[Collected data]

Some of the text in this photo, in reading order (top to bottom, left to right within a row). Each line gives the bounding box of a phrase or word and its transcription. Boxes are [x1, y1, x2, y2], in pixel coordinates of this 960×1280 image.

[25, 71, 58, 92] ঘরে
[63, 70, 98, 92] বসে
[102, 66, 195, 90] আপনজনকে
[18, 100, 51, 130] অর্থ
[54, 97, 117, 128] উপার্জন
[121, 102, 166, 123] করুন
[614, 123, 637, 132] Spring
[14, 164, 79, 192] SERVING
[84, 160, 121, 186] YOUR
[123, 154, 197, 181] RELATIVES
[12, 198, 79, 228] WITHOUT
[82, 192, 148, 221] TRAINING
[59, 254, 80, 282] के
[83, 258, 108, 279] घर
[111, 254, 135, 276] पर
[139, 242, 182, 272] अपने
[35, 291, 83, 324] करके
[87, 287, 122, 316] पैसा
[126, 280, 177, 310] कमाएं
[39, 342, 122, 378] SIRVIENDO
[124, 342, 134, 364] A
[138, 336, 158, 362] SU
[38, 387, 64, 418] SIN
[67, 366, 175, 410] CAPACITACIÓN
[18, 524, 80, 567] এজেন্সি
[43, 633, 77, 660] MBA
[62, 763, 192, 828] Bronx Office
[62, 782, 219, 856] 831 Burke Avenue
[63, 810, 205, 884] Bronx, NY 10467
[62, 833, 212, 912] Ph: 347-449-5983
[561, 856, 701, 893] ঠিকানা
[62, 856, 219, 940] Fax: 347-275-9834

**TASK GOAL:**
All lines above are to be transcribed exactly.

**RESPONSE:**
Some of the text in this photo, in reading order (top to bottom, left to right within a row). Each line gives the bounding box of a phrase or word and its transcription. Boxes are [x1, y1, x2, y2], in pixel coordinates of this 960×1280 image.

[25, 71, 58, 92] ঘরে
[63, 70, 98, 92] বসে
[102, 66, 195, 90] আপনজনকে
[18, 100, 51, 130] অর্থ
[54, 97, 117, 128] উপার্জন
[121, 102, 166, 123] করুন
[614, 123, 637, 132] Spring
[14, 164, 79, 192] SERVING
[84, 160, 121, 186] YOUR
[123, 154, 197, 181] RELATIVES
[12, 198, 79, 228] WITHOUT
[82, 192, 148, 221] TRAINING
[59, 254, 80, 282] के
[83, 258, 108, 279] घर
[111, 254, 135, 276] पर
[139, 242, 182, 272] अपने
[35, 291, 83, 324] करके
[87, 287, 122, 316] पैसा
[126, 280, 177, 310] कमाएं
[39, 342, 122, 378] SIRVIENDO
[124, 342, 134, 364] A
[138, 336, 158, 362] SU
[38, 387, 64, 418] SIN
[67, 366, 175, 410] CAPACITACIÓN
[18, 524, 80, 567] এজেন্সি
[43, 633, 77, 660] MBA
[62, 763, 192, 828] Bronx Office
[62, 782, 219, 856] 831 Burke Avenue
[63, 810, 205, 884] Bronx, NY 10467
[62, 833, 212, 912] Ph: 347-449-5983
[561, 856, 701, 893] ঠিকানা
[62, 856, 219, 940] Fax: 347-275-9834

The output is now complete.